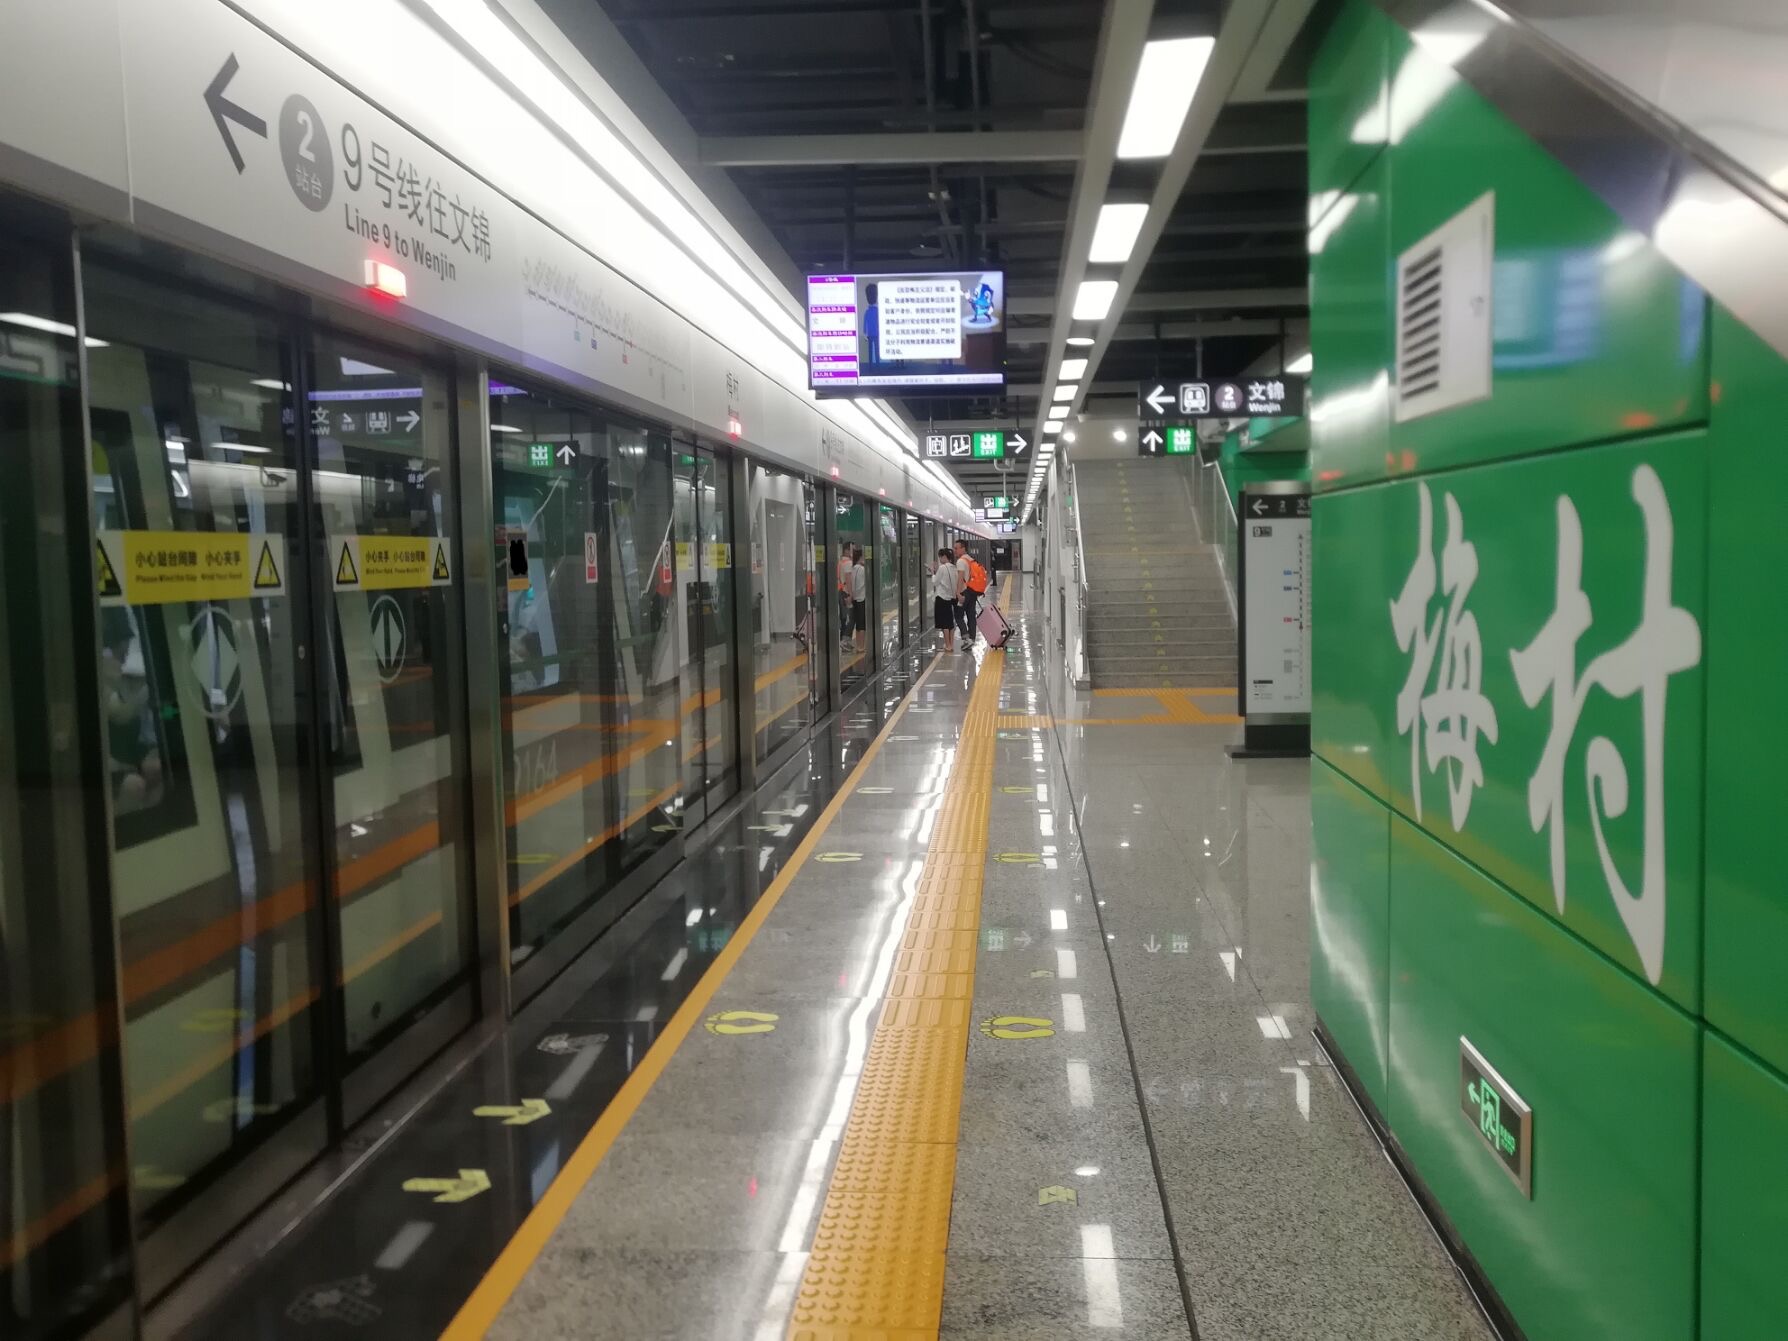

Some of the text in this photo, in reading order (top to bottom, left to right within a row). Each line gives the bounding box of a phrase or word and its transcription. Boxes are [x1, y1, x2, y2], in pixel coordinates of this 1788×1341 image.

[297, 110, 316, 163] 2
[295, 163, 322, 200] 站台
[341, 122, 491, 263] 9号线往文锦
[345, 203, 456, 281] Line 9 to Wenjin
[1224, 387, 1234, 400] 2
[1248, 380, 1285, 401] 文锦
[1248, 402, 1281, 414] Wenjin
[1390, 464, 1702, 986] 梅村
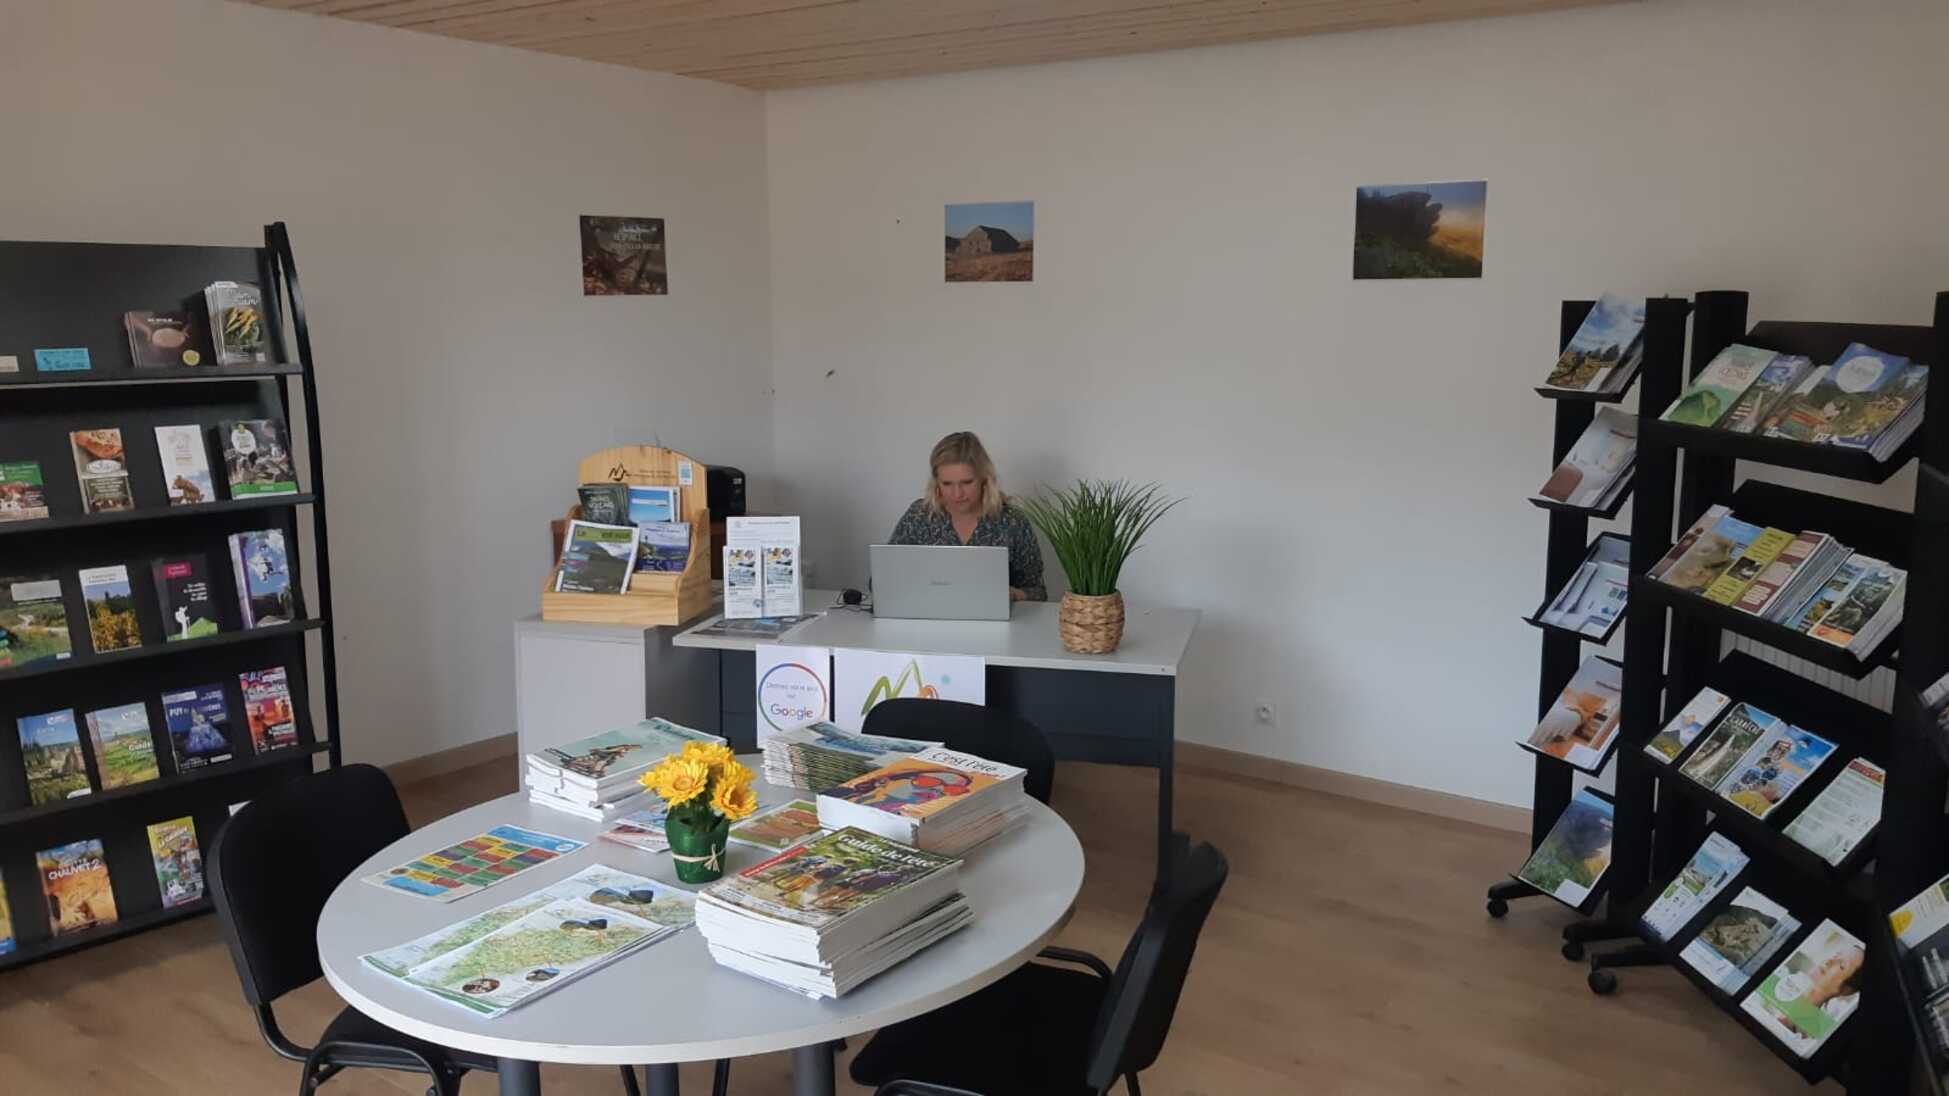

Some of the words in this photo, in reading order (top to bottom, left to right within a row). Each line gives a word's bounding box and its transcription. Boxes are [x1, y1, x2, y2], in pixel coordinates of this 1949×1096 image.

---------------

- [To do]
The images are to be left out; every line above should be set down exactly.

- [Response for this exercise]
Some of the text in this photo, in reading order (top to bottom, left to right within a row). Each line gives the bounding box of a phrase or word and its transcription. Boxes are [x1, y1, x2, y2], in pixel coordinates of this 1788×1341 image.

[297, 110, 316, 163] 2
[295, 163, 322, 200] 站台
[341, 122, 491, 263] 9号线往文锦
[345, 203, 456, 281] Line 9 to Wenjin
[1224, 387, 1234, 400] 2
[1248, 380, 1285, 401] 文锦
[1248, 402, 1281, 414] Wenjin
[1390, 464, 1702, 986] 梅村

Some of the words in this photo, in reading order (top to bottom, left to right within a row). Each line gives a word's bounding box and its transcription. Boxes are [x1, y1, x2, y2], in pixel coordinates of this 1949×1096 image.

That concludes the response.